"""

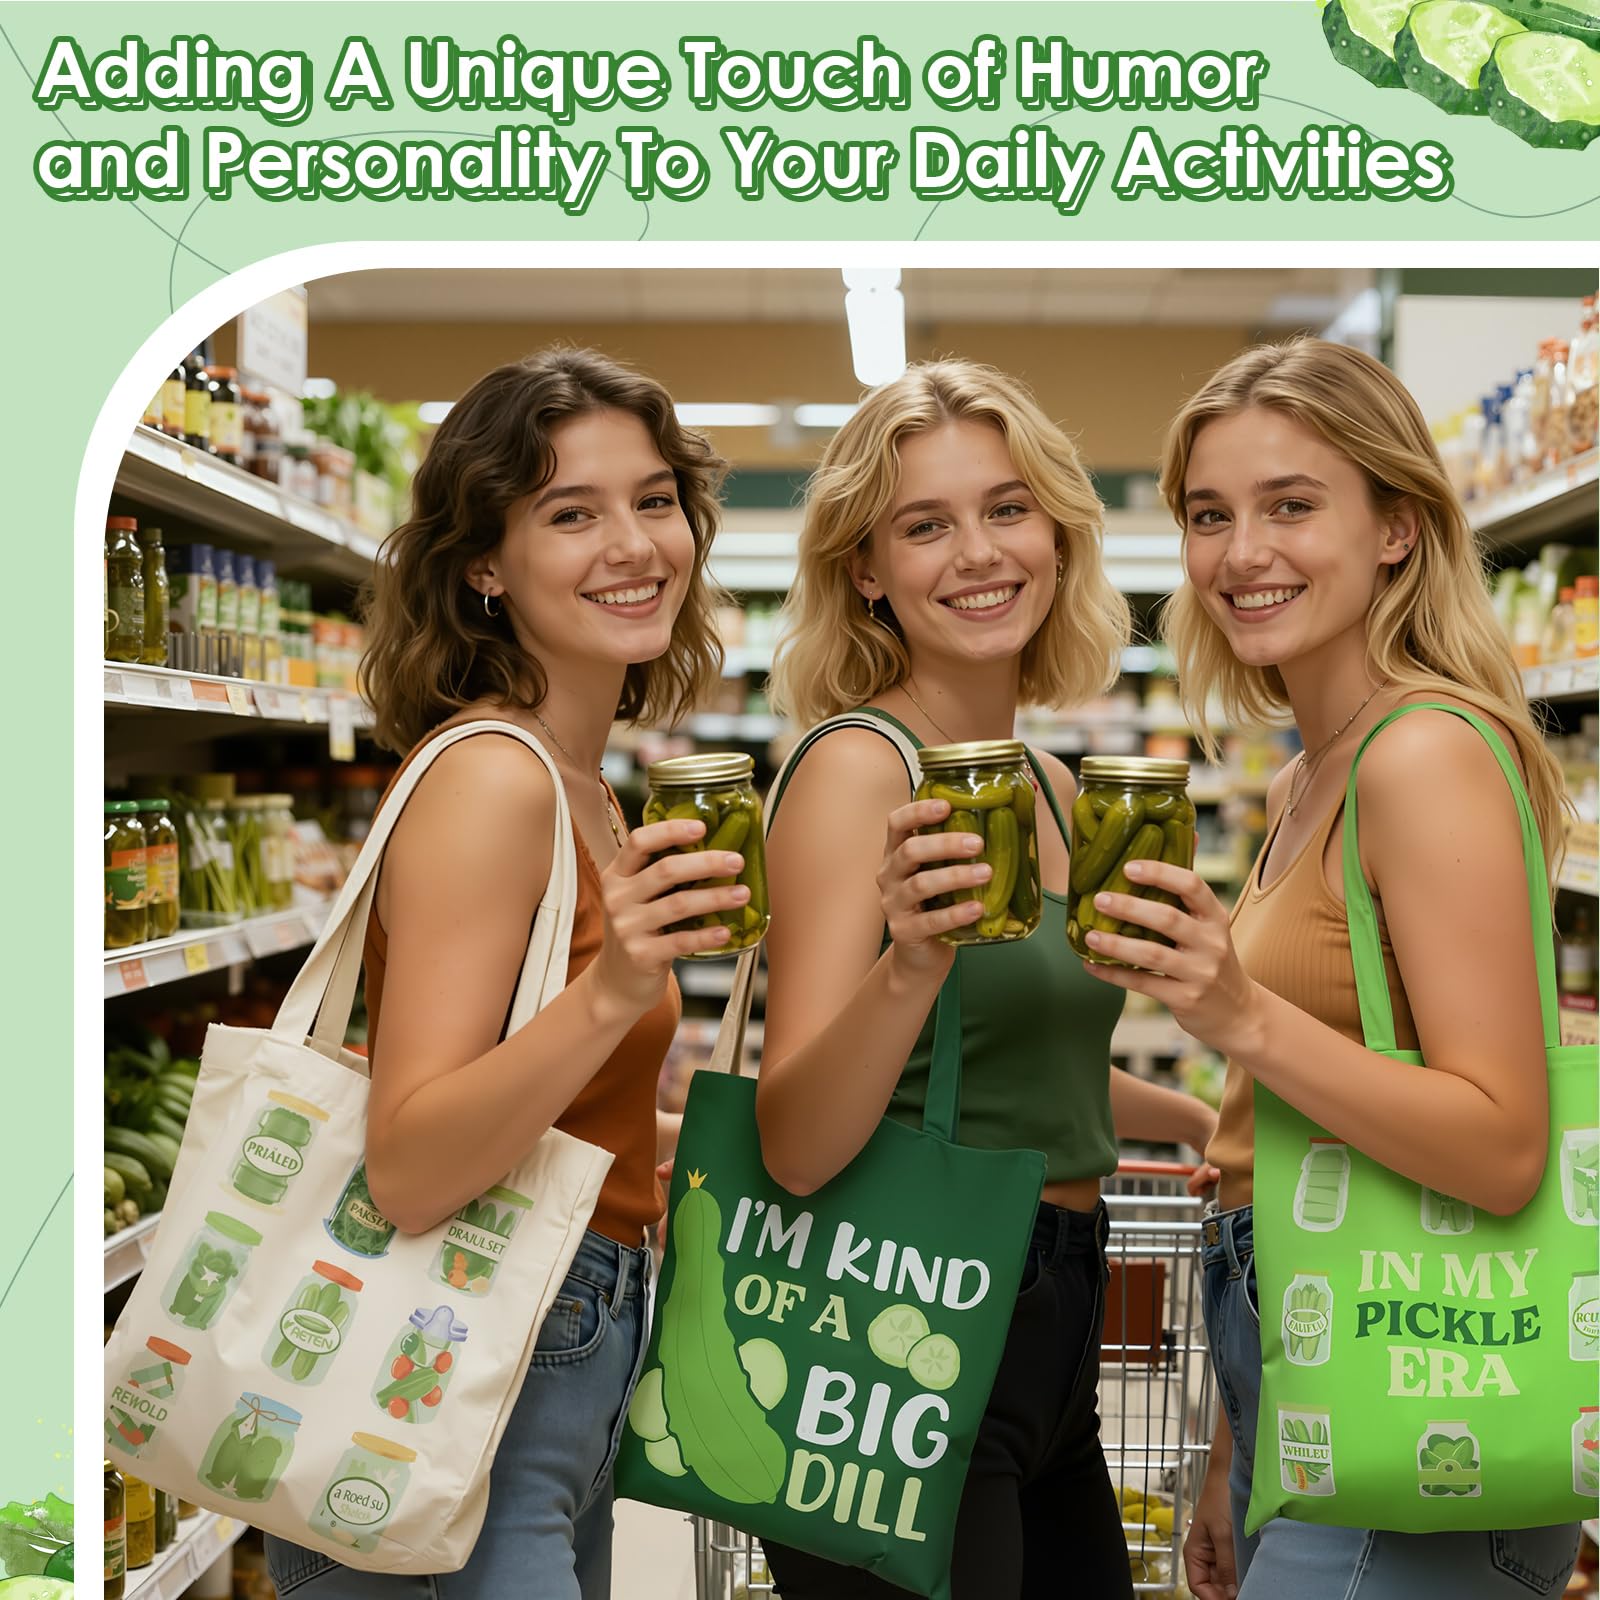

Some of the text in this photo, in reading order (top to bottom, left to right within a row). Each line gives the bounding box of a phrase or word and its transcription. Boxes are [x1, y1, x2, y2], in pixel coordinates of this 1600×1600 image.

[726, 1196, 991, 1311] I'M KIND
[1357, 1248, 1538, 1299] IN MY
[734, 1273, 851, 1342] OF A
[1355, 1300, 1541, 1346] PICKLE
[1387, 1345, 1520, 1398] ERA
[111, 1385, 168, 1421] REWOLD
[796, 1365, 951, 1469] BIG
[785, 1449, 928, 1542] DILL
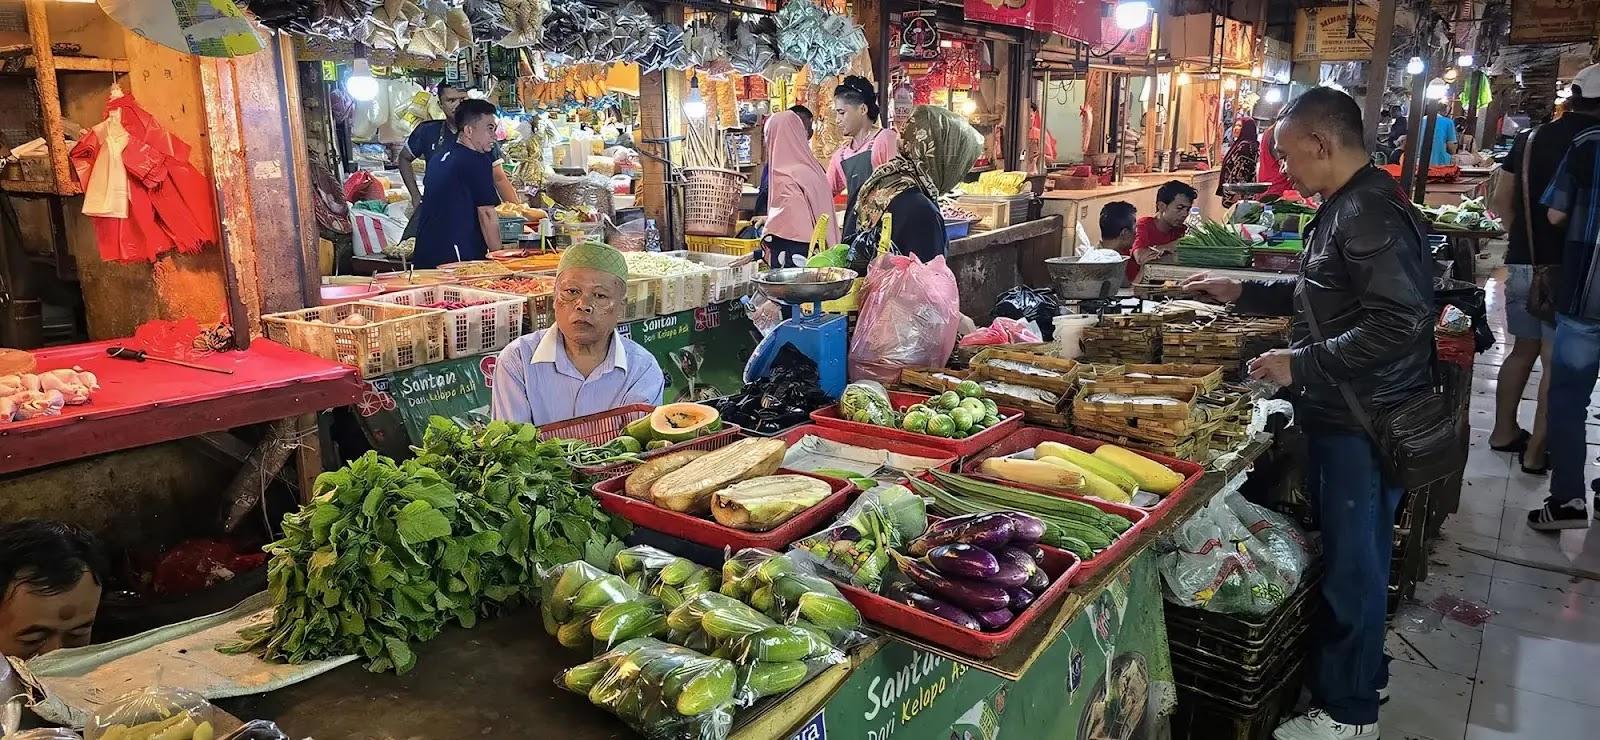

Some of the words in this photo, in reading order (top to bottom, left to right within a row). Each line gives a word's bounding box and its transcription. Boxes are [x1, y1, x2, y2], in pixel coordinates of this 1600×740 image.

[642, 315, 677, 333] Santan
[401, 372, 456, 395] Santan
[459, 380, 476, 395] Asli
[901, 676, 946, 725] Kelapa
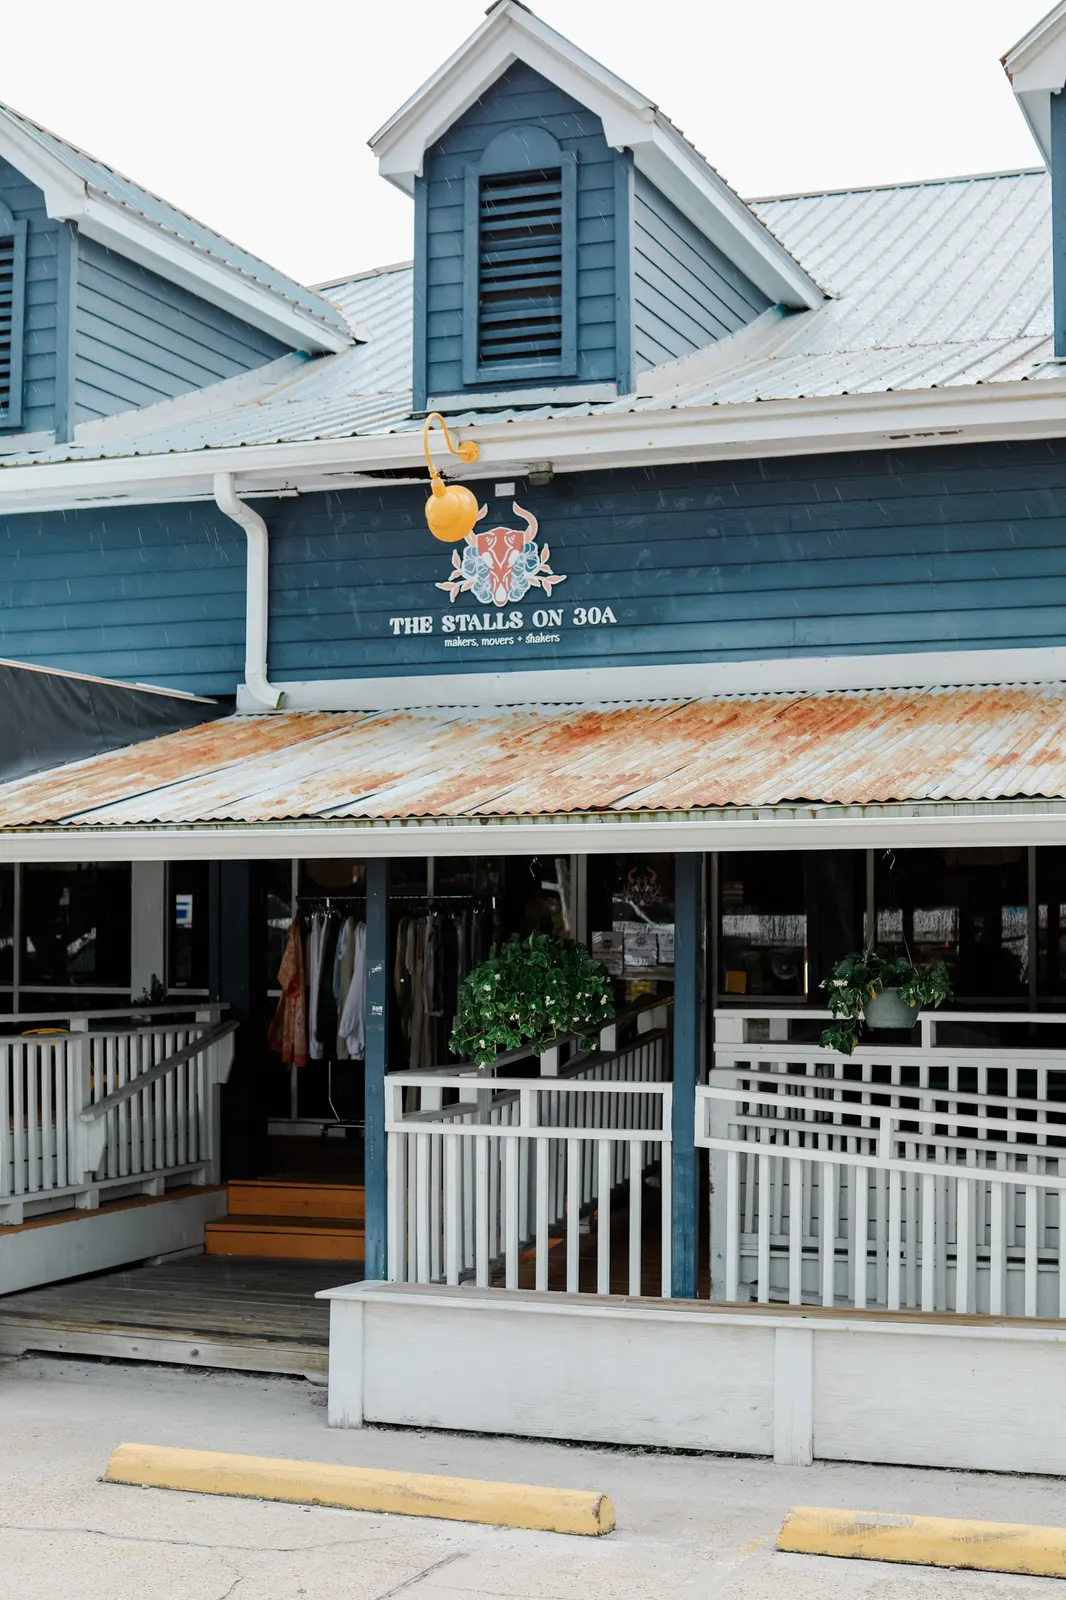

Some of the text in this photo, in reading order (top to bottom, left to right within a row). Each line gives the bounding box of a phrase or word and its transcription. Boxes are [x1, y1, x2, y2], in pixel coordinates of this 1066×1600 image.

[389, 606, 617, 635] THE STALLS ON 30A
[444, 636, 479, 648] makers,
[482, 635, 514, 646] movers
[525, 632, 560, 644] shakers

"""

- _PROBLEM DESCRIPTION_: Output a verbatim copy of the lines from the line containing "Some of the words" through the end of the data, both included, without any images.

- _RESULT BELOW_:
Some of the words in this photo, in reading order (top to bottom, left to right within a row). Each line gives a word's bounding box and its transcription. Boxes are [x1, y1, x2, y2], in pixel coordinates of this 1600×740 image.

[642, 315, 677, 333] Santan
[401, 372, 456, 395] Santan
[459, 380, 476, 395] Asli
[901, 676, 946, 725] Kelapa

Some of the text in this photo, in reading order (top to bottom, left to right within a row). Each line gives the bounding box of a phrase or word and its transcription. Boxes are [x1, y1, x2, y2], in pixel coordinates of this 1066×1600 image.

[389, 606, 617, 635] THE STALLS ON 30A
[444, 636, 479, 648] makers,
[482, 635, 514, 646] movers
[525, 632, 560, 644] shakers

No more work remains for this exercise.